Centre to train dogs for deaf despite public transport ban
The mainland has launched its first centre to train guide dogs for the deaf, despite laws that ban such animals from public transport.
From next June, two trained handlers will teach up to 10 dogs a year to become unique hearing aids for their deaf owners.
The training centre is a partnership between Paralympics sponsor Samsung and Beijing Union University. Each dog will cost US$30,000 to train. Samsung's start-up 1.4 million yuan (HK$1.6 million) corporate social-responsibility fund will provide financial support for the animals for three years.
But it is unclear if the beneficiaries will be allowed to take the animals on public transport after the Paralympics because of Beijing's strict controls on dogs.
Lawmakers adopted an amendment to a law in April to allow guide dogs to travel on buses and the subway during the Olympics and Paralympics. However, the ban will be back in force from Saturday.
Qi Daxin, one of the first beneficiaries of the centre, said Bao Mei, a spaniel, had transformed his family's lives. 'She means we won't be such a burden on our daughter.'
Mr Qi, his wife and his mother are all deaf. For years, they have relied heavily on their daughter Jie, 25.
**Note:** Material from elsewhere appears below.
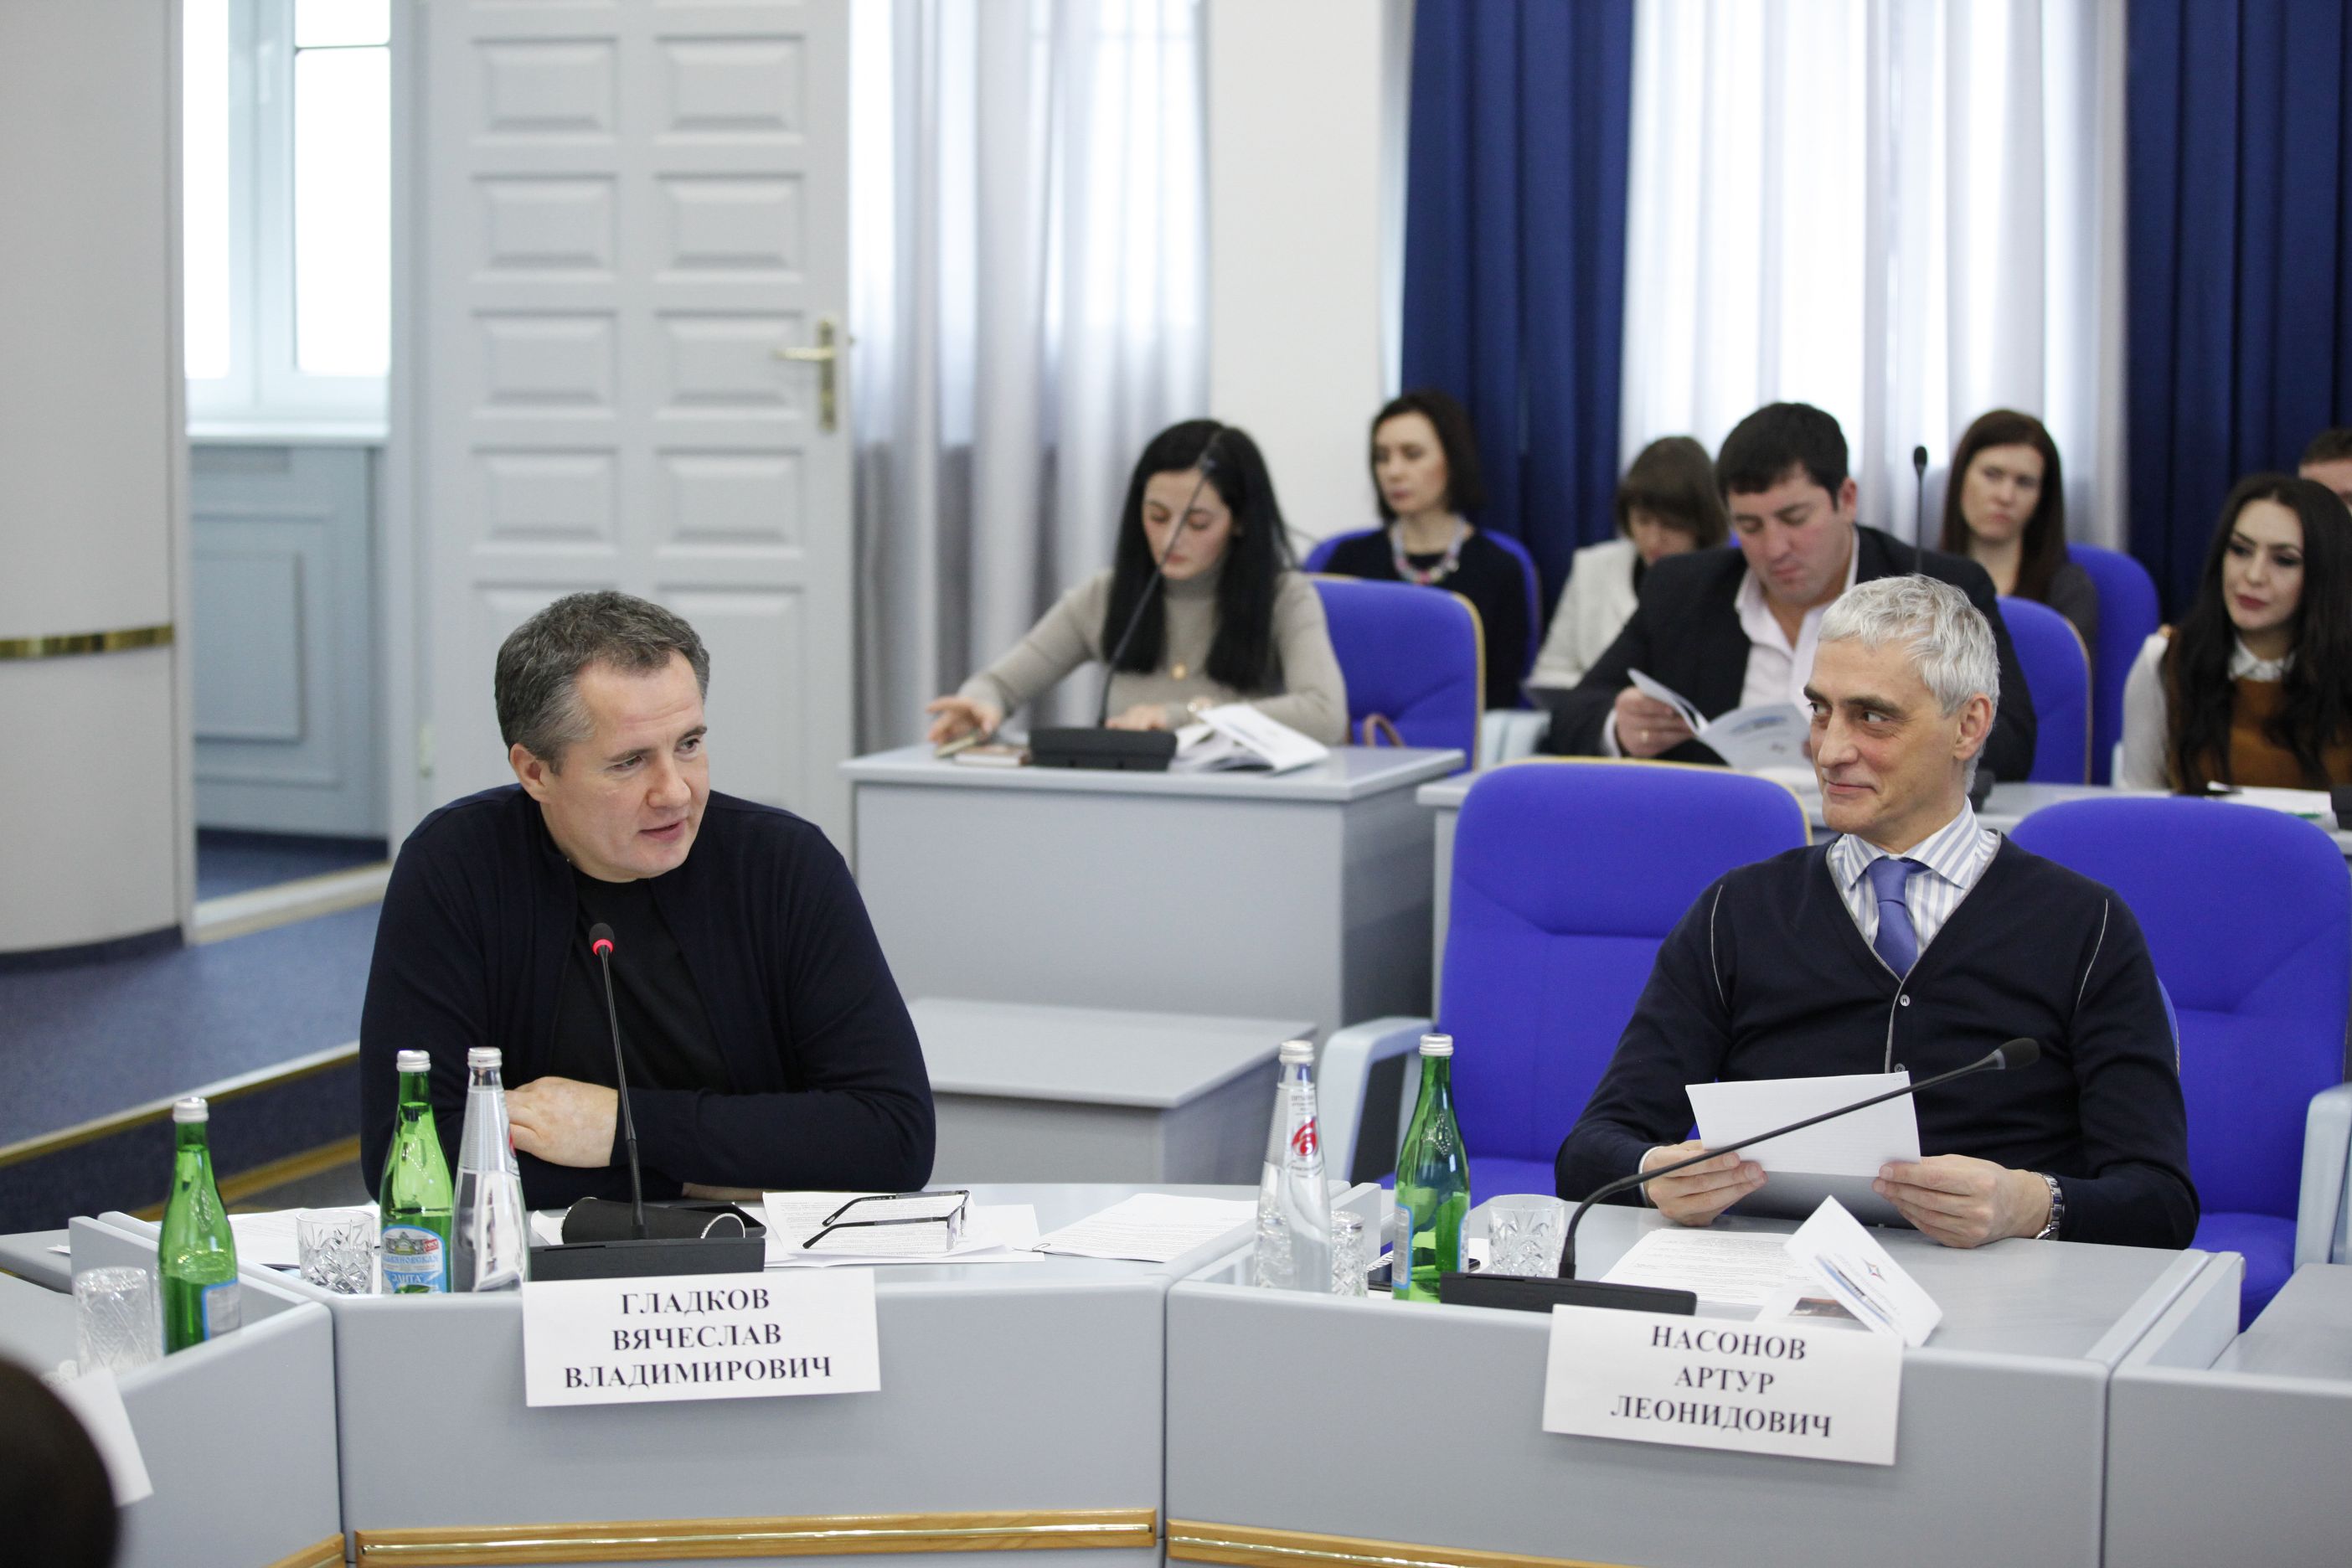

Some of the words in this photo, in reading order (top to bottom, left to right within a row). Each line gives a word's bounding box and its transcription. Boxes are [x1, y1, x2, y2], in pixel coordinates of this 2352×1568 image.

'The guide dog alerts us to the phone and text messages, the doorbell and alarm clocks,' he said. 'She is trained to listen for the fire alarm. Every deaf person or those with poor hearing in China should own one.'
But he said he was unsure if he was allowed to take Bao Mei on buses or the subway.
The South China Morning Post reported in March that Ping Yali, a partially sighted former Paralympic athlete, found his guide dog more of a burden than a help.
She was given China's first guide dog for the blind, but then found dogs are banned from the capital's buses and subways. Under Beijing's laws, all dogs must have a licence. If they are found on the streets without one they can be impounded and put down.
However, though dog management rules specify that guide dogs are entitled to a free official licence, there is no official institute qualified to certify and issue them.
Paralympic Games chief Wang Wei , executive vice-president and secretary general of the Beijing Organising Committee for the Olympic Games, was unable to clarify whether a permanent lifting of the ban would be a legacy of the 2008 Paralympics. But he admitted public transport for the disabled 'had a long way to go'.
He said ever-improving laws protecting the rights of China's 83 million disabled 'may take a while' to make a difference. However, 'the Paralympics is a big step forward'.
'We are very optimistic and confident the law will be implemented and the care for people with disability will increase.'
David Grevemberg, spokesman for the International Paralympics Committee, said the movement had not received any complaints from its members who had brought their guide dogs to China.
'We recognise that the safe and sound entry of guide dogs into China has worked effectively,' he said.